9. Il résulte des mêmes dispositions, qui assurent la transposition de l’article 15 c) de la directive 2011/95/UE du Parlement européen et du Conseil du 13 décembre 2011, concernant les normes relatives aux conditions que doivent remplir les ressortissants des pays tiers ou les apatrides pour pouvoir bénéficier d’une protection internationale, à un statut uniforme pour les réfugiés ou les personnes pouvant bénéficier de la protection subsidiaire, et au contenu de cette protection tel qu’interprété par l’arrêt de la Cour de justice de l’Union européenne du 10 juin 2021, CF, DN c/ Bundesrepublik Deutschland (C‑901/19), que la constatation de l’existence d’une telle menace ne saurait être subordonnée à la condition que le rapport entre le nombre de victimes dans la zone concernée et le nombre total d’individus que compte la population de cette zone atteigne un seuil déterminé mais exige une prise en compte globale de toutes les circonstances du cas d’espèce, notamment de celles qui caractérisent la situation du pays d’origine du demandeur, par exemple, outre des critères quantitatifs relatifs au nombre de victimes, l’intensité des affrontements armés, le niveau d’organisation des forces armées en présence, la durée du conflit, l’étendue géographique de la situation de violence, ou l’agression éventuellement intentionnelle contre des civils exercée par les belligérants.

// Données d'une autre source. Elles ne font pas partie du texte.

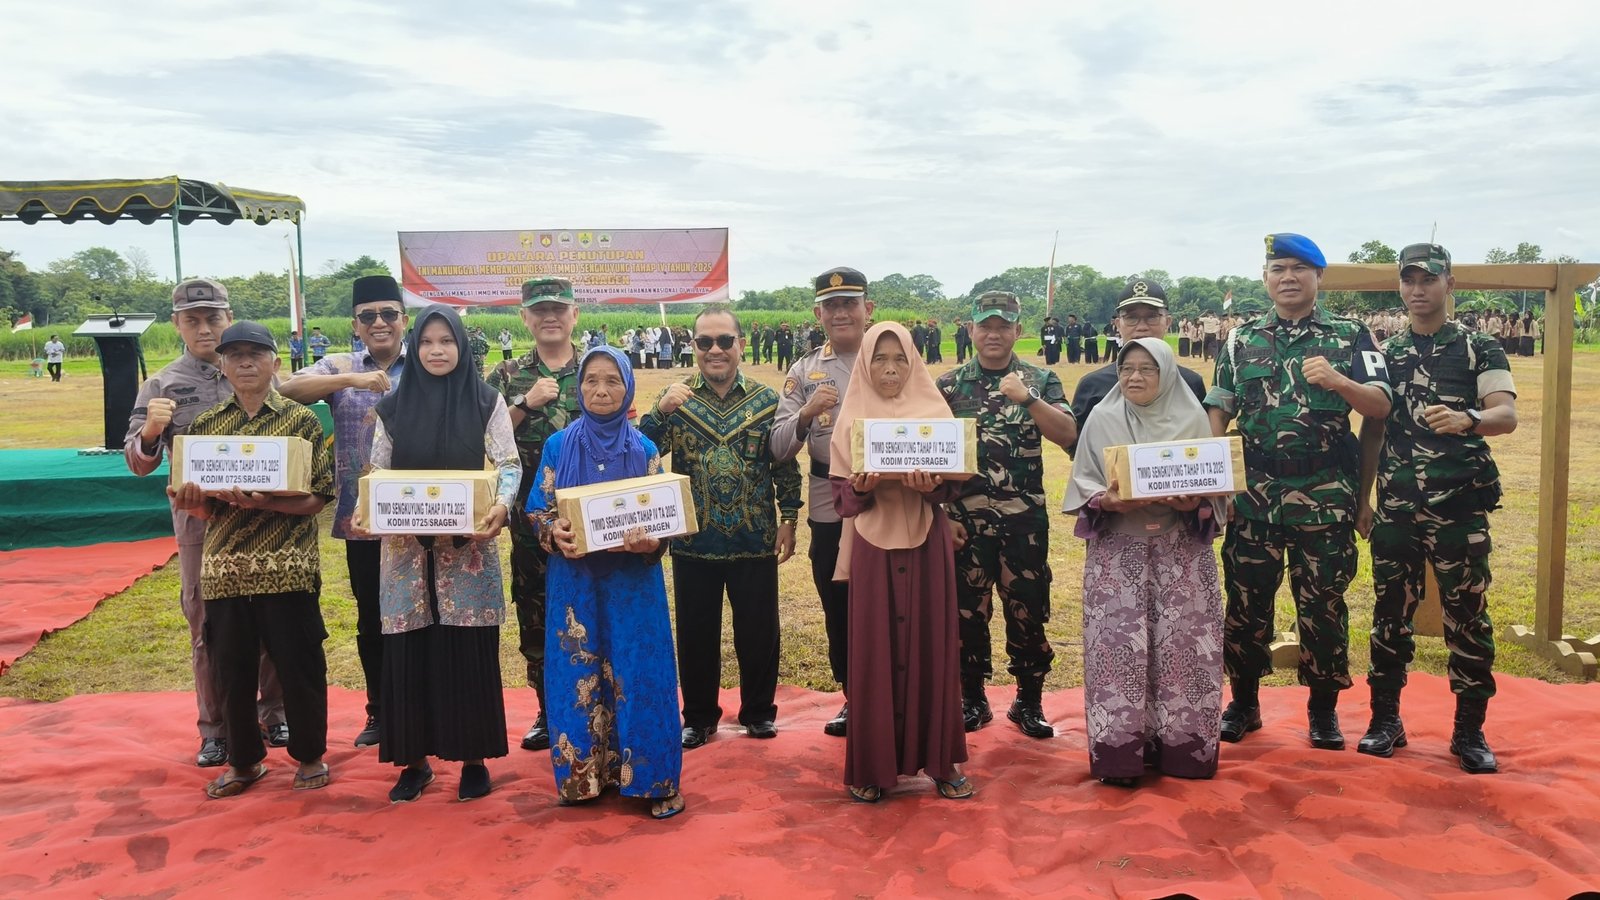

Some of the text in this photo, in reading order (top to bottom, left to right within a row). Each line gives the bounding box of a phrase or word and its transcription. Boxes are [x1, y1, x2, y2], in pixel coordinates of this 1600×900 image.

[486, 250, 645, 262] UPACARA PENUTUPAN
[417, 262, 712, 276] TNI MANUNGGAL MEMBANGUN DESA (TMMD) SENGKUYUNG TAHAP IV TAHUN 2025
[872, 442, 956, 453] TMMD SENGKUYUNG TAHAP IV TA 2025
[191, 460, 279, 472] TMMD SENGKUYUNG TAHAP IV TA 2025
[881, 457, 902, 465] KODIM
[1137, 461, 1224, 479] TMMD SENGKUYUNG TAHAP IV TA 2025
[200, 475, 224, 483] KODIM
[1148, 481, 1170, 490] KODIM
[377, 502, 465, 515] TMMD SENGKUYUNG TAHAP IV TA 2025
[387, 518, 410, 527] KODIM
[591, 505, 676, 532] TMMD SENGKUYUNG TAHAP IV TA 2025
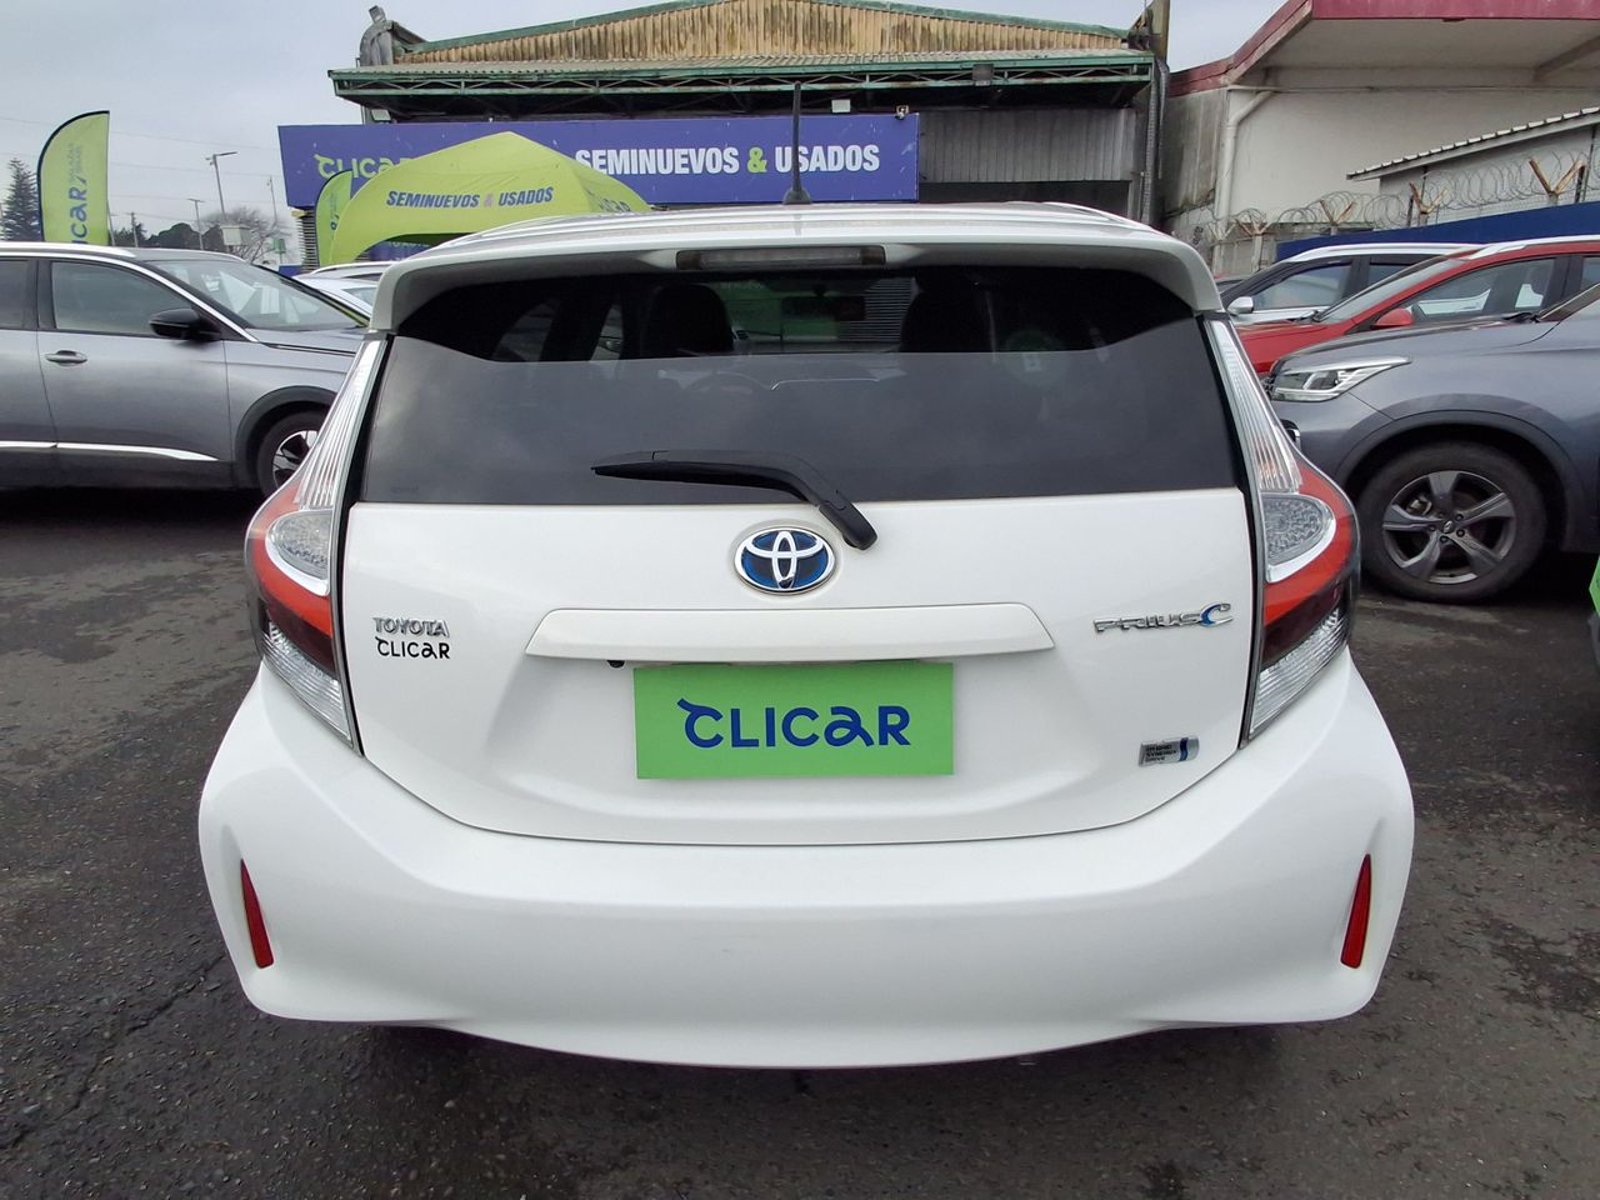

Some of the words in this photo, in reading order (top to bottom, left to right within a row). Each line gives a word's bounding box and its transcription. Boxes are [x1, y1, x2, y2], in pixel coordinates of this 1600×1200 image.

10. La note d’orientation pour la Somalie de l’agence de l’Union européenne pour l’asile publiée en août 2023, dont les Etats membres de l’Union européenne doivent tenir compte conformément à l’article 11 (3) du règlement 2021/2303/UE du Parlement européen et du Conseil du 15 décembre 2021 et qui nécessite une mise à jour régulière selon l’article 11 (4), indique à cet égard que si, dans la région du Bas-Shabelle, la « simple présence » sur place ne suffirait pas à établir un véritable risque d’atteinte grave au sens de l'article 15 (c) de la directive 2011/95/UE dite qualification, une violence aveugle atteint cependant un niveau élevé et, en conséquence, qu’un niveau inférieur d'éléments individuels est requis pour démontrer des motifs sérieux de croire qu'un civil, renvoyé sur le territoire, serait confronté à un tel risque réel.
11. Or, Mme A, qui a quitté son pays d’origine en mars 2022 et qui, en tant que femme somalienne issue d’un clan minorisé, risque sensiblement d’être exposée aux difficultés causées par la situation sécuritaire et les conflits, doit être regardée comme satisfaisant au faible niveau d’individualisation requis pour prétendre au bénéfice d’une protection subsidiaire au titre du 3° de l’article L. 512-1 du code de l’entrée et du séjour des étrangers et du droit d’asile.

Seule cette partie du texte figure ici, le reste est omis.